Problem to solve
Please write out every line of the listing without alteration, but omit the images.

Records for this exercise

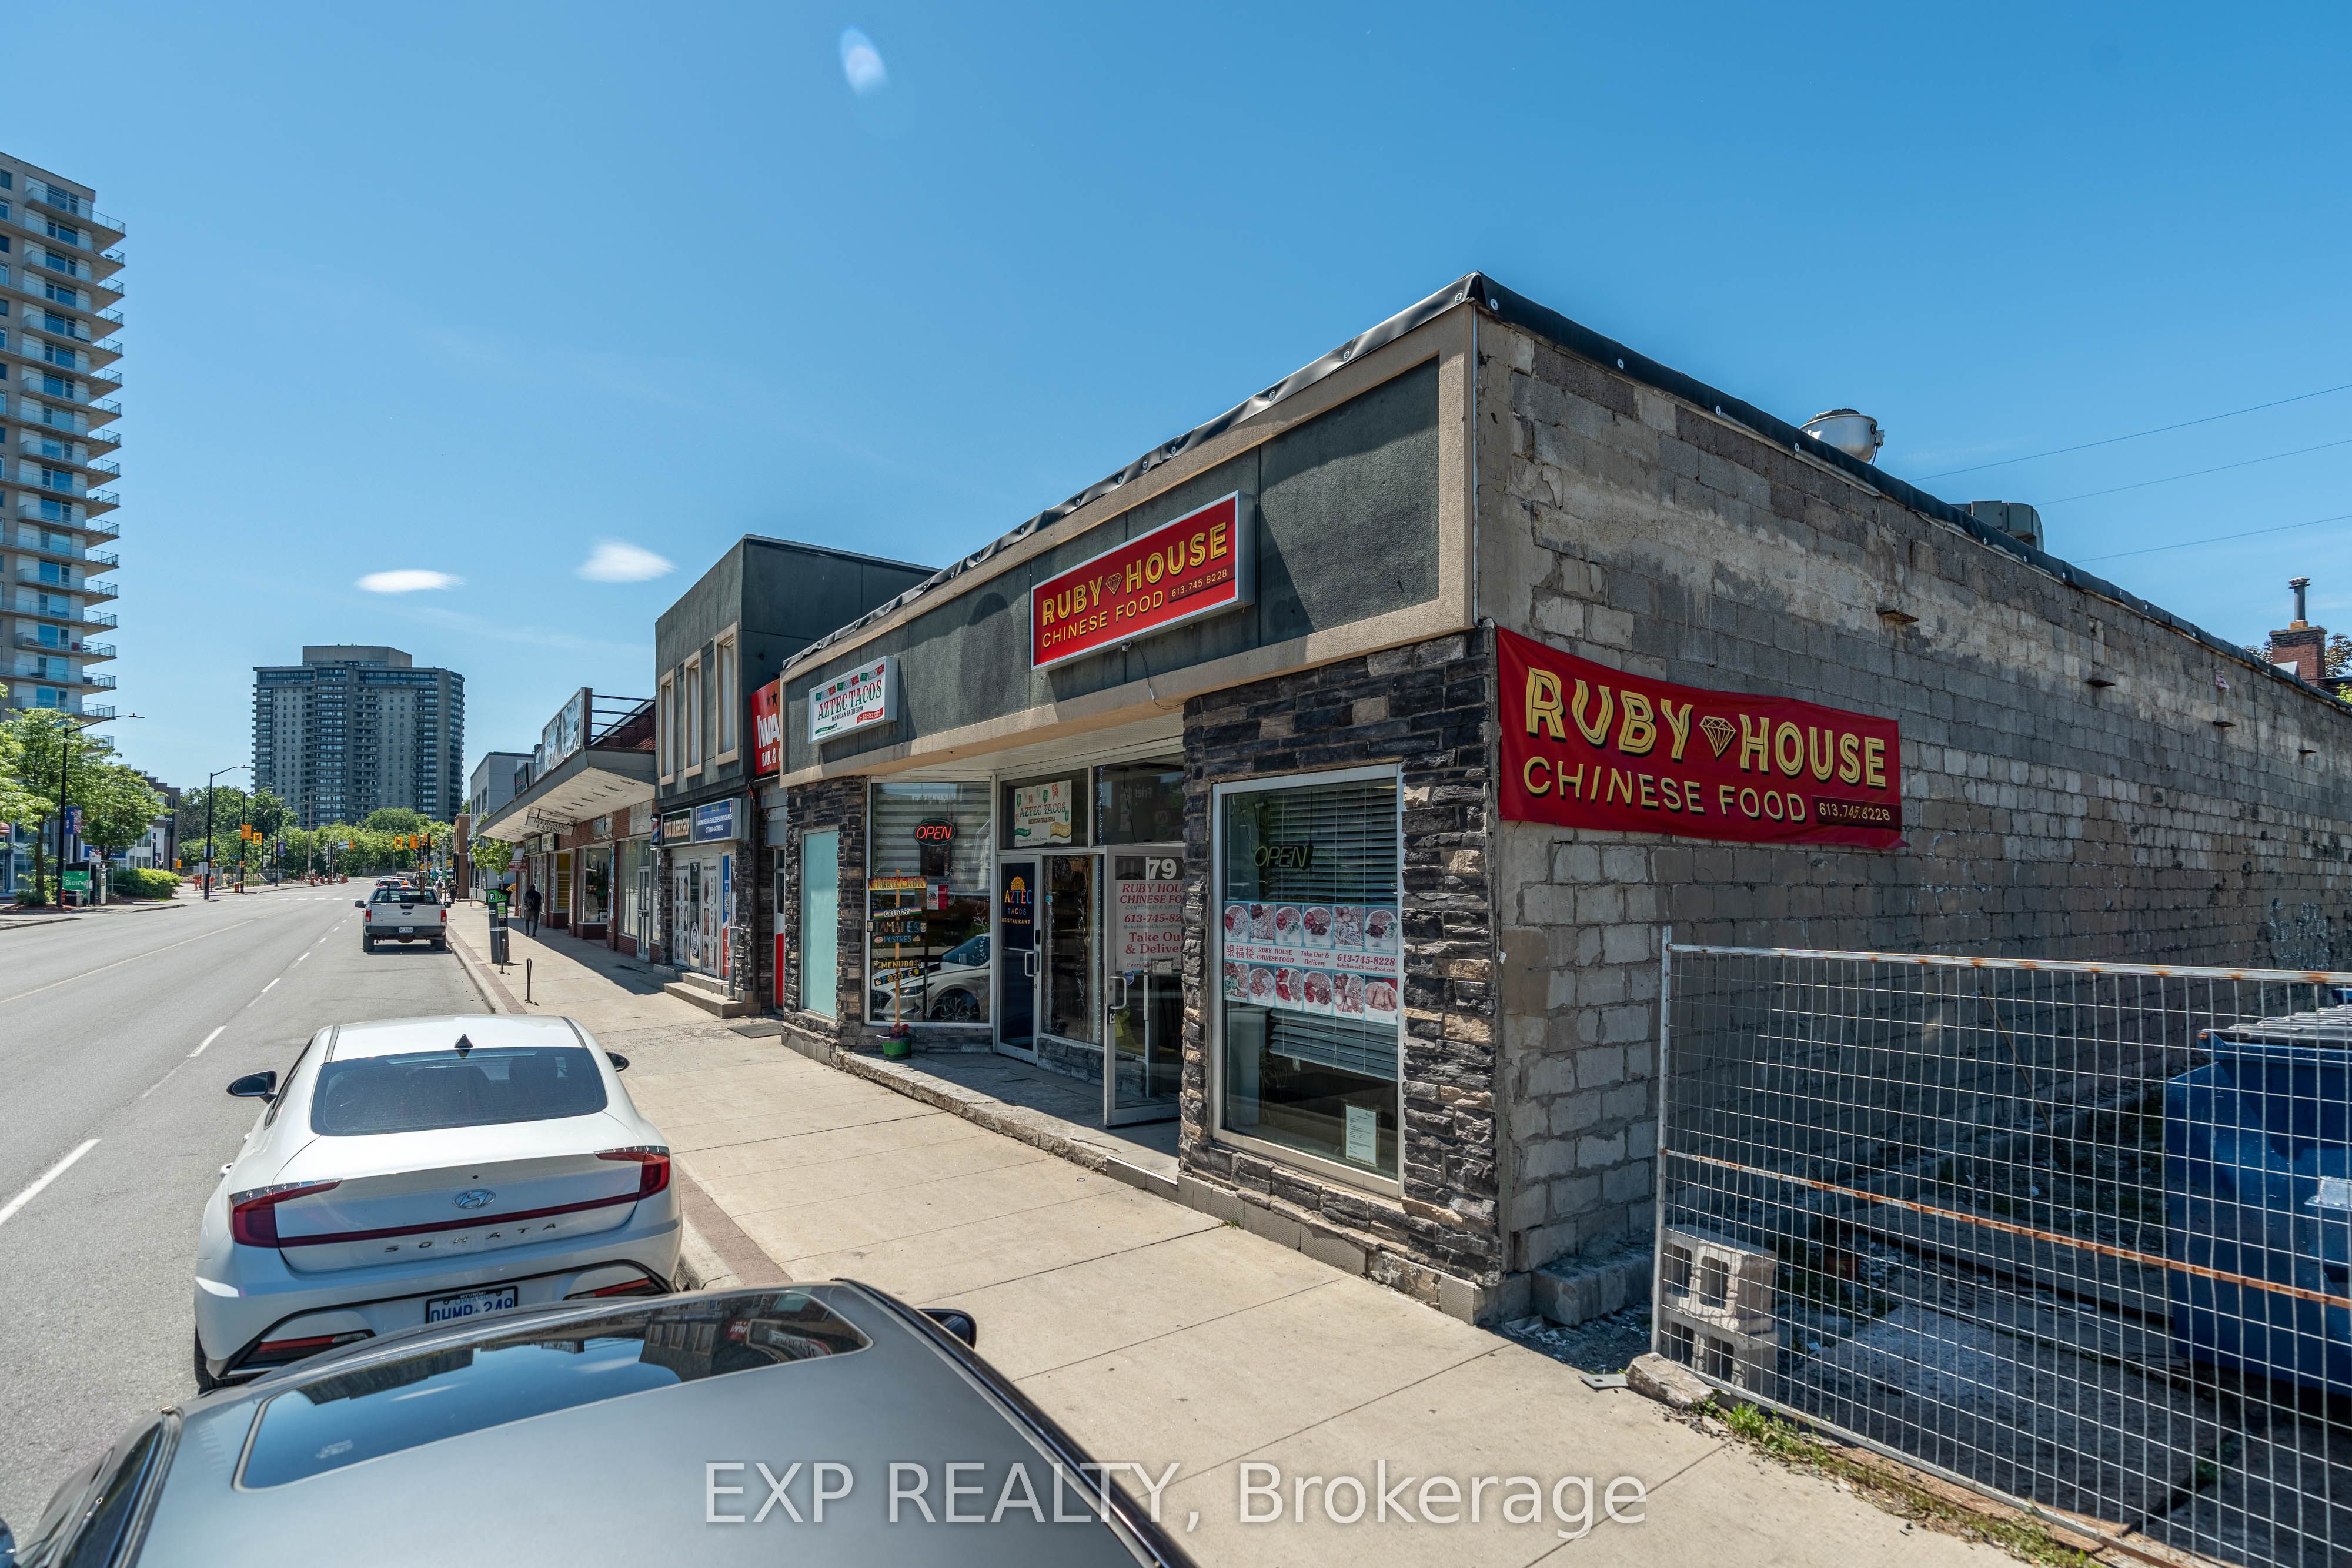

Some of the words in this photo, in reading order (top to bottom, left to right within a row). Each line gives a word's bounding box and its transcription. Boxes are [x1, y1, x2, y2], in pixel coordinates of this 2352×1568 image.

[1043, 576, 1102, 626] RUBY
[1126, 522, 1228, 594] HOUSE
[1171, 569, 1228, 597] 613.745.8228
[1043, 611, 1108, 648] CHINESE
[1116, 591, 1164, 622] FOOD
[818, 693, 847, 720] AZTEC
[850, 679, 881, 708] TACOS
[832, 711, 846, 722] MEXICAN
[846, 706, 864, 717] TAQUERIA
[757, 713, 780, 749] IWA
[1526, 666, 1694, 762] RUBY
[1739, 714, 1886, 788] HOUSE
[762, 750, 771, 767] BAR
[772, 748, 776, 764] &
[1524, 756, 1705, 813] CHINESE
[1719, 784, 1806, 823] FOOD
[1020, 805, 1041, 818] AZTEC
[1044, 801, 1066, 815] TACOS
[1819, 802, 1890, 821] 613.745.8228
[534, 818, 569, 830] MERCADO
[537, 824, 563, 833] LATINO
[916, 826, 952, 840] OPEN
[1254, 845, 1307, 867] OPEN
[1147, 858, 1176, 880] 79
[1122, 884, 1154, 893] RUBY
[1157, 884, 1183, 893] HOU
[1004, 889, 1032, 904] AZTEC
[1120, 895, 1166, 904] CHINESE
[1168, 895, 1182, 904] FO
[1124, 914, 1181, 923] 613-745-82
[874, 921, 920, 934] TAMALES
[1129, 932, 1159, 942] Take
[1162, 931, 1185, 941] Out
[1125, 944, 1135, 954] &
[1226, 944, 1255, 959] 银福楼
[881, 960, 914, 969] MENUDO
[1304, 959, 1326, 968] Delivery
[1337, 954, 1395, 966] 613-745-8228
[1336, 963, 1396, 973] RubyHouseChineseFood.com
[882, 969, 914, 984] POZOLE
[385, 1223, 556, 1252] SONATA
[455, 1295, 490, 1305] ONTARIO
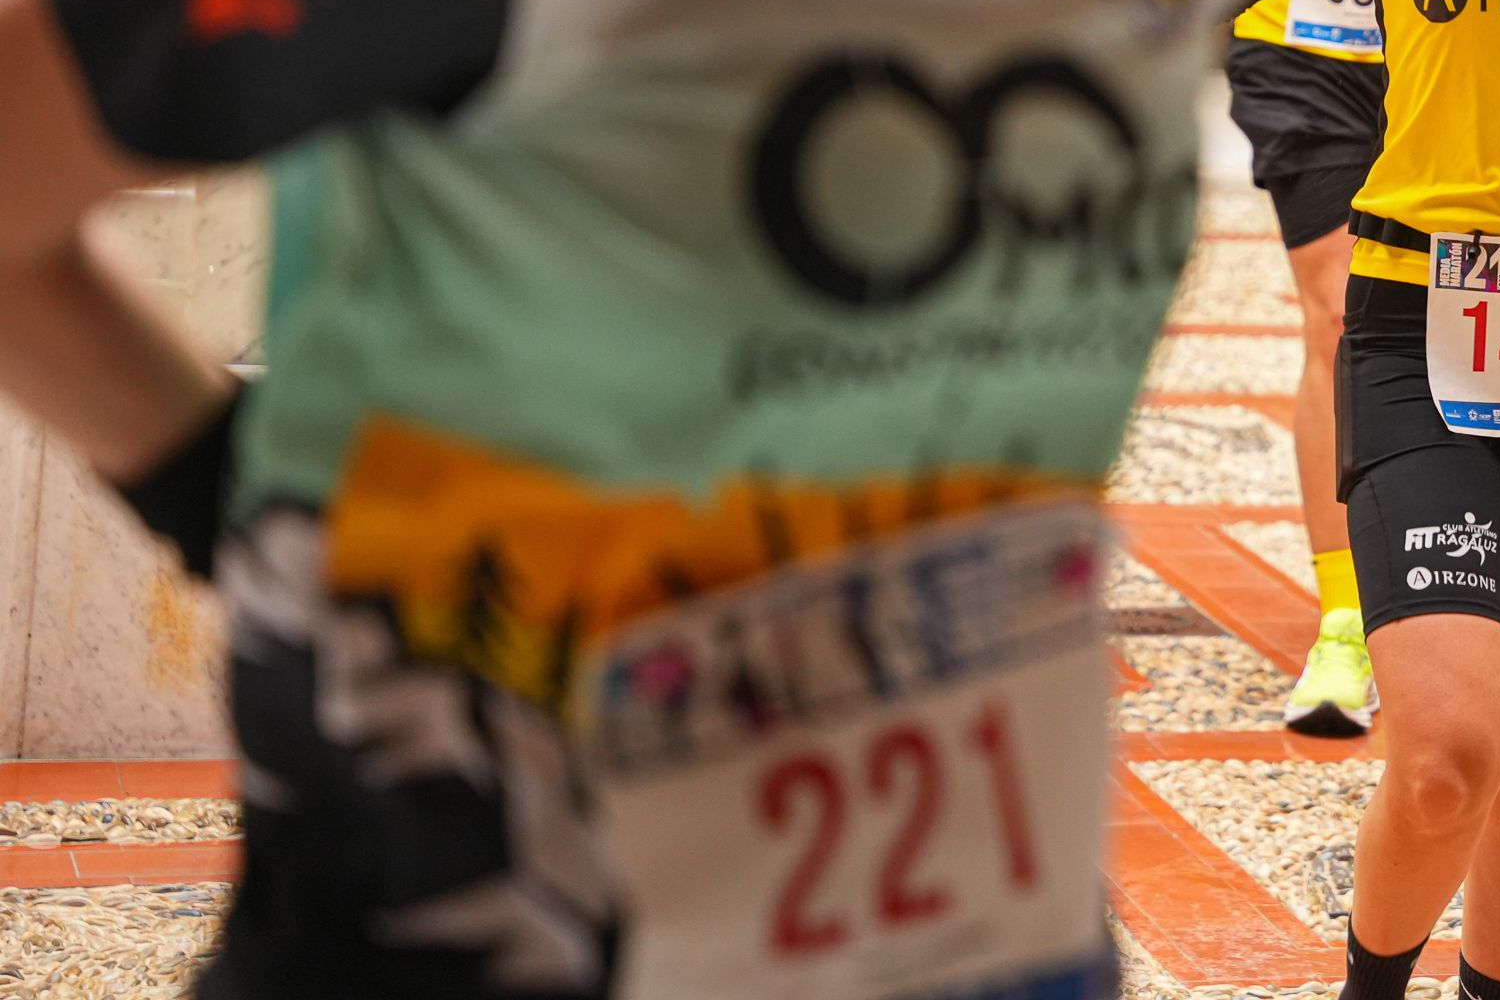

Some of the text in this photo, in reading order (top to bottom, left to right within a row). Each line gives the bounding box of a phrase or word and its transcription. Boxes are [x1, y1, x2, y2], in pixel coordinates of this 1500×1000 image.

[1439, 257, 1451, 287] MEDIA
[1442, 523, 1463, 532] CLUB
[1436, 533, 1497, 553] RAGALUZ
[1406, 566, 1497, 593] AIRZONE
[752, 694, 1044, 964] 221
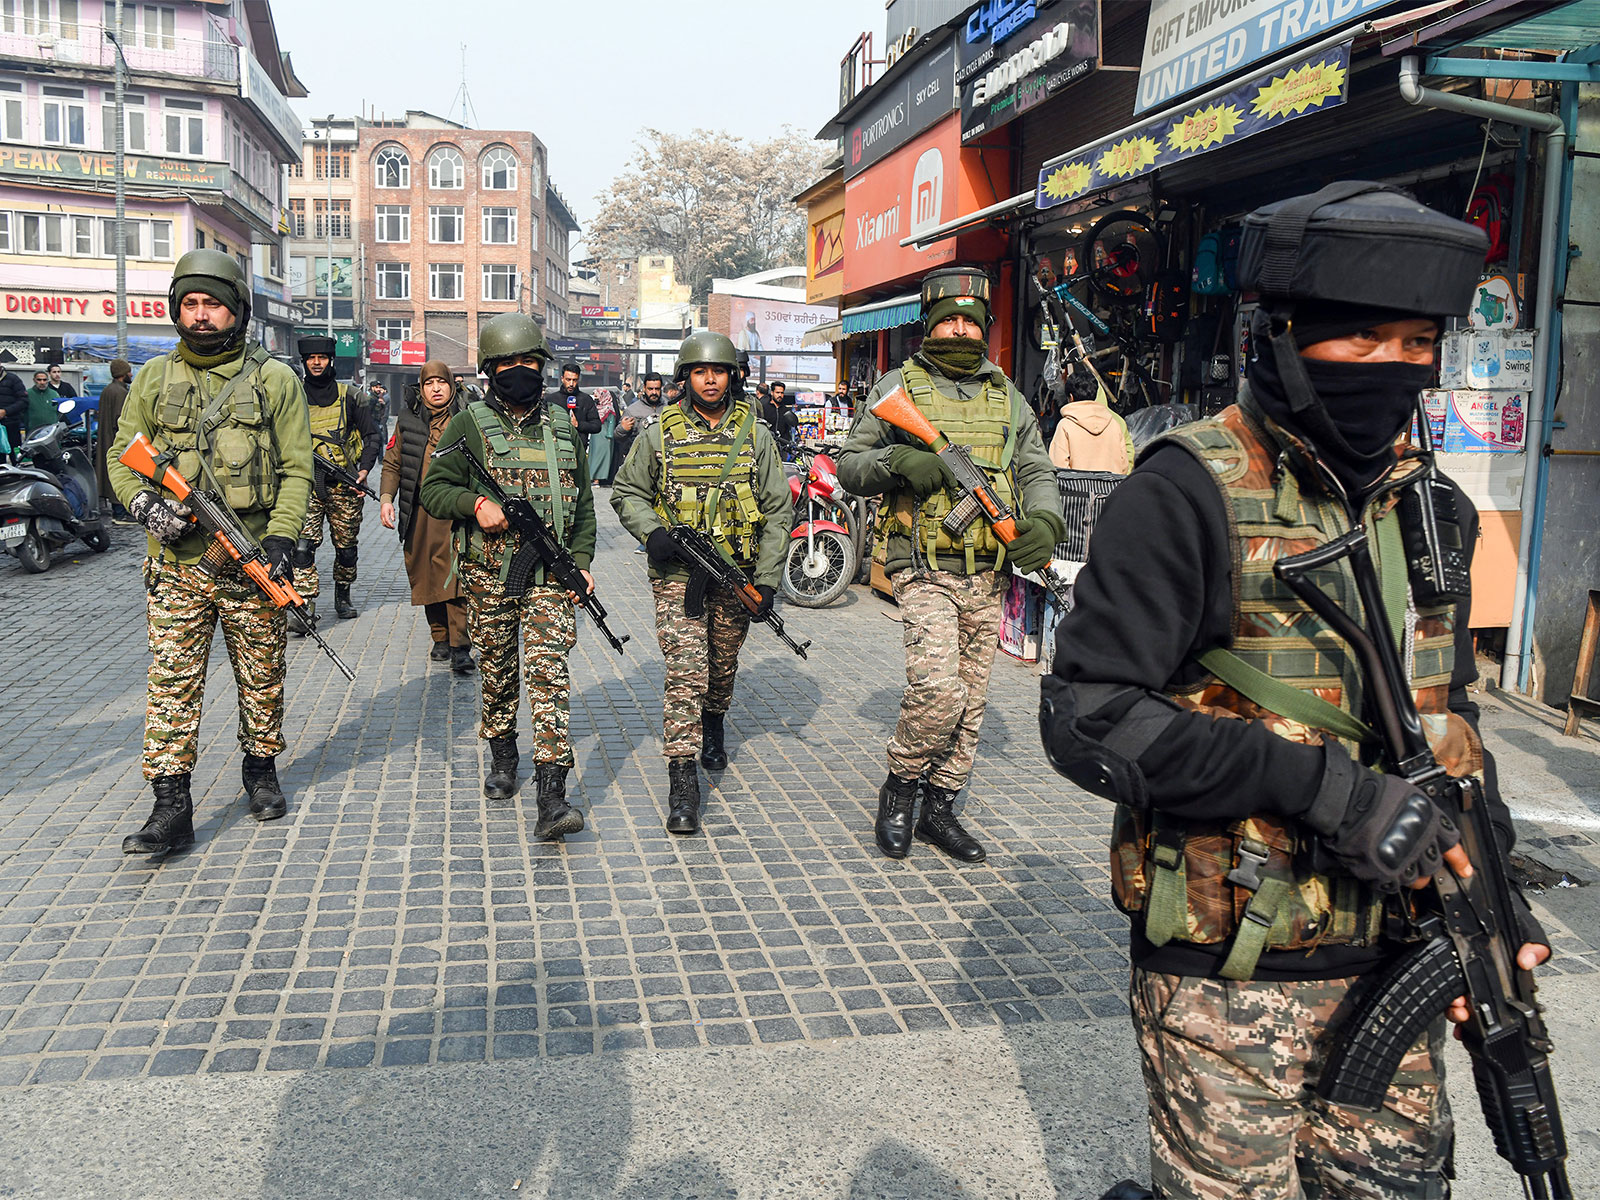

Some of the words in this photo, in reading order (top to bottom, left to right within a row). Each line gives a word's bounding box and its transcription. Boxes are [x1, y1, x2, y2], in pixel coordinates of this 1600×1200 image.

[1151, 12, 1185, 56] GIFT
[1142, 28, 1247, 108] UNITED
[916, 88, 926, 106] SKY
[1270, 84, 1333, 113] Accessories
[862, 102, 904, 150] PORTRONICS
[1183, 115, 1217, 142] Bags
[0, 149, 63, 172] PEAK
[159, 163, 191, 172] HOTEL
[1112, 146, 1141, 170] Toys
[145, 171, 215, 184] RESTAURANT
[855, 193, 900, 251] Xiaomi
[5, 294, 88, 315] DIGNITY
[102, 299, 166, 318] SLES
[584, 308, 602, 316] VIP
[1505, 361, 1531, 373] Swing
[1471, 402, 1498, 411] ANGEL
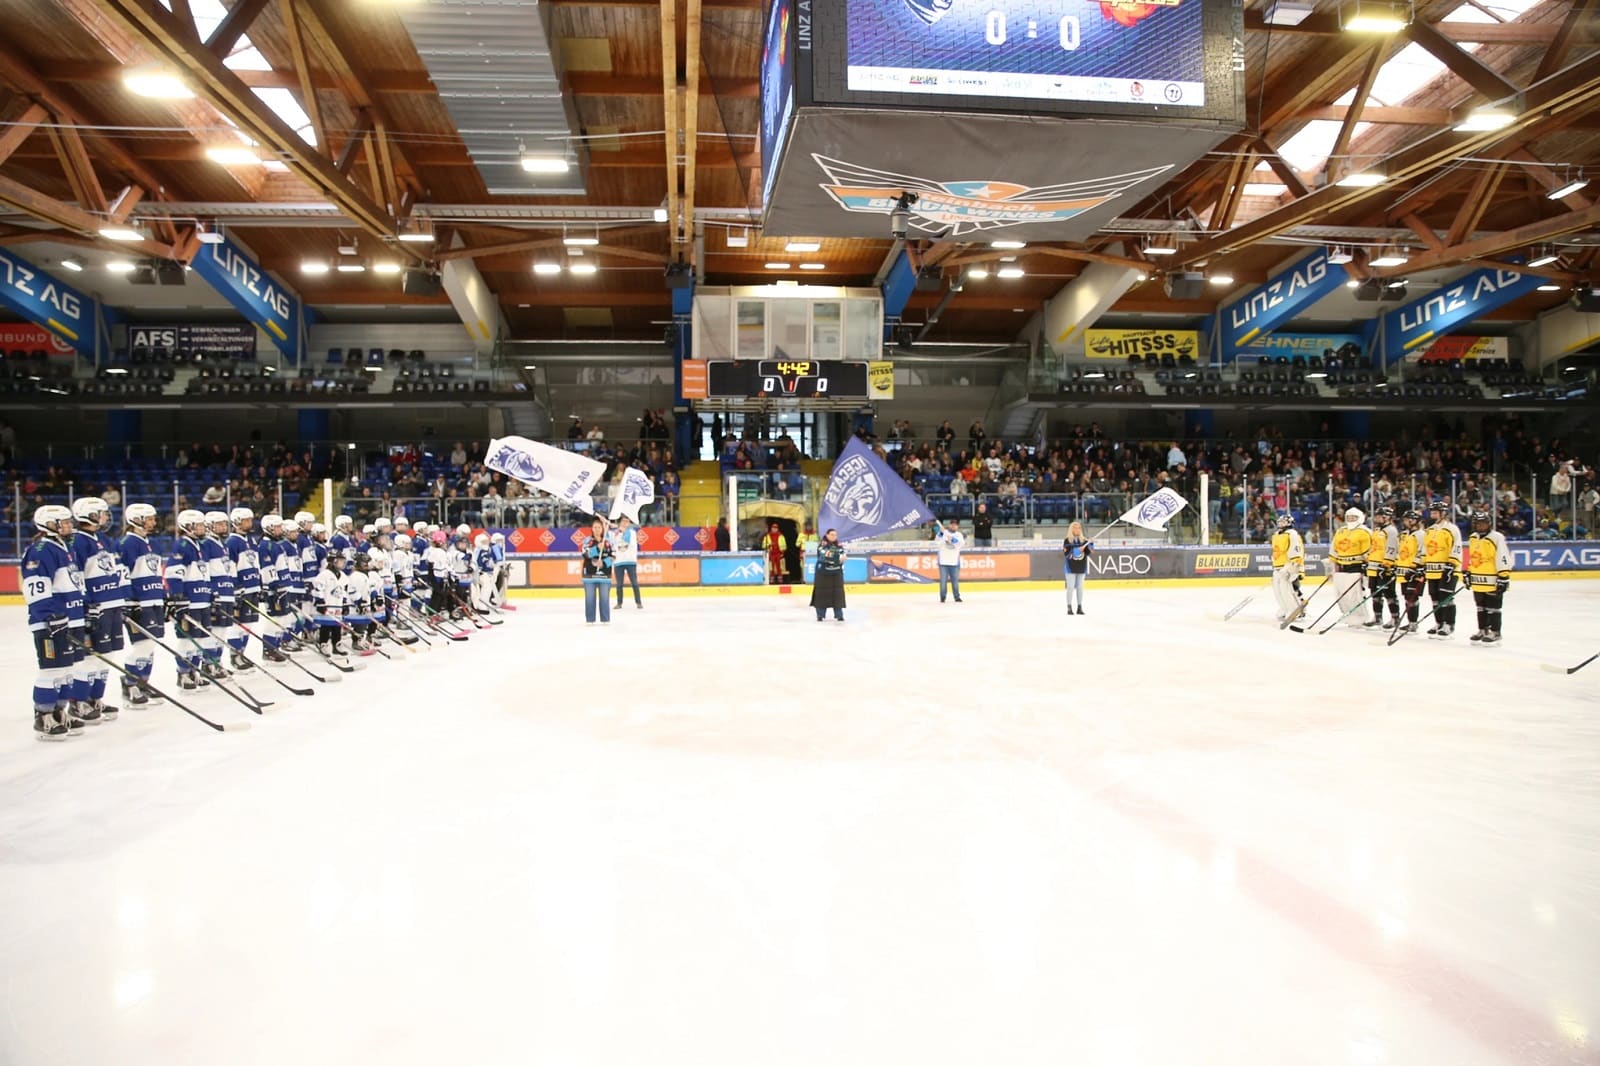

Your response
Some of the words in this photo, in reading order (top to bottom, left to right within a row). Each line gives a word's bounding box and its transcription. Boxes are [x1, y1, x2, y2], in pixel coordinates of this 2352×1568 image.

[1043, 576, 1102, 626] RUBY
[1126, 522, 1228, 594] HOUSE
[1171, 569, 1228, 597] 613.745.8228
[1043, 611, 1108, 648] CHINESE
[1116, 591, 1164, 622] FOOD
[818, 693, 847, 720] AZTEC
[850, 679, 881, 708] TACOS
[832, 711, 846, 722] MEXICAN
[846, 706, 864, 717] TAQUERIA
[757, 713, 780, 749] IWA
[1526, 666, 1694, 762] RUBY
[1739, 714, 1886, 788] HOUSE
[762, 750, 771, 767] BAR
[772, 748, 776, 764] &
[1524, 756, 1705, 813] CHINESE
[1719, 784, 1806, 823] FOOD
[1020, 805, 1041, 818] AZTEC
[1044, 801, 1066, 815] TACOS
[1819, 802, 1890, 821] 613.745.8228
[534, 818, 569, 830] MERCADO
[537, 824, 563, 833] LATINO
[916, 826, 952, 840] OPEN
[1254, 845, 1307, 867] OPEN
[1147, 858, 1176, 880] 79
[1122, 884, 1154, 893] RUBY
[1157, 884, 1183, 893] HOU
[1004, 889, 1032, 904] AZTEC
[1120, 895, 1166, 904] CHINESE
[1168, 895, 1182, 904] FO
[1124, 914, 1181, 923] 613-745-82
[874, 921, 920, 934] TAMALES
[1129, 932, 1159, 942] Take
[1162, 931, 1185, 941] Out
[1125, 944, 1135, 954] &
[1226, 944, 1255, 959] 银福楼
[881, 960, 914, 969] MENUDO
[1304, 959, 1326, 968] Delivery
[1337, 954, 1395, 966] 613-745-8228
[1336, 963, 1396, 973] RubyHouseChineseFood.com
[882, 969, 914, 984] POZOLE
[385, 1223, 556, 1252] SONATA
[455, 1295, 490, 1305] ONTARIO

Some of the text in this photo, in reading order (top to bottom, left to right within a row). Each line gives the bounding box of a phrase or word and its transcription. Boxes are [x1, y1, x2, y2], in pixel coordinates of this 1500×1000 image.

[1439, 257, 1451, 287] MEDIA
[1442, 523, 1463, 532] CLUB
[1436, 533, 1497, 553] RAGALUZ
[1406, 566, 1497, 593] AIRZONE
[752, 694, 1044, 964] 221

Some of the words in this photo, in reading order (top to bottom, left to right within a row). Each line gives a word's bounding box and its transcription. Boxes are [x1, y1, x2, y2], in pixel coordinates of this 1600×1200 image.

[1151, 12, 1185, 56] GIFT
[1142, 28, 1247, 108] UNITED
[916, 88, 926, 106] SKY
[1270, 84, 1333, 113] Accessories
[862, 102, 904, 150] PORTRONICS
[1183, 115, 1217, 142] Bags
[0, 149, 63, 172] PEAK
[159, 163, 191, 172] HOTEL
[1112, 146, 1141, 170] Toys
[145, 171, 215, 184] RESTAURANT
[855, 193, 900, 251] Xiaomi
[5, 294, 88, 315] DIGNITY
[102, 299, 166, 318] SLES
[584, 308, 602, 316] VIP
[1505, 361, 1531, 373] Swing
[1471, 402, 1498, 411] ANGEL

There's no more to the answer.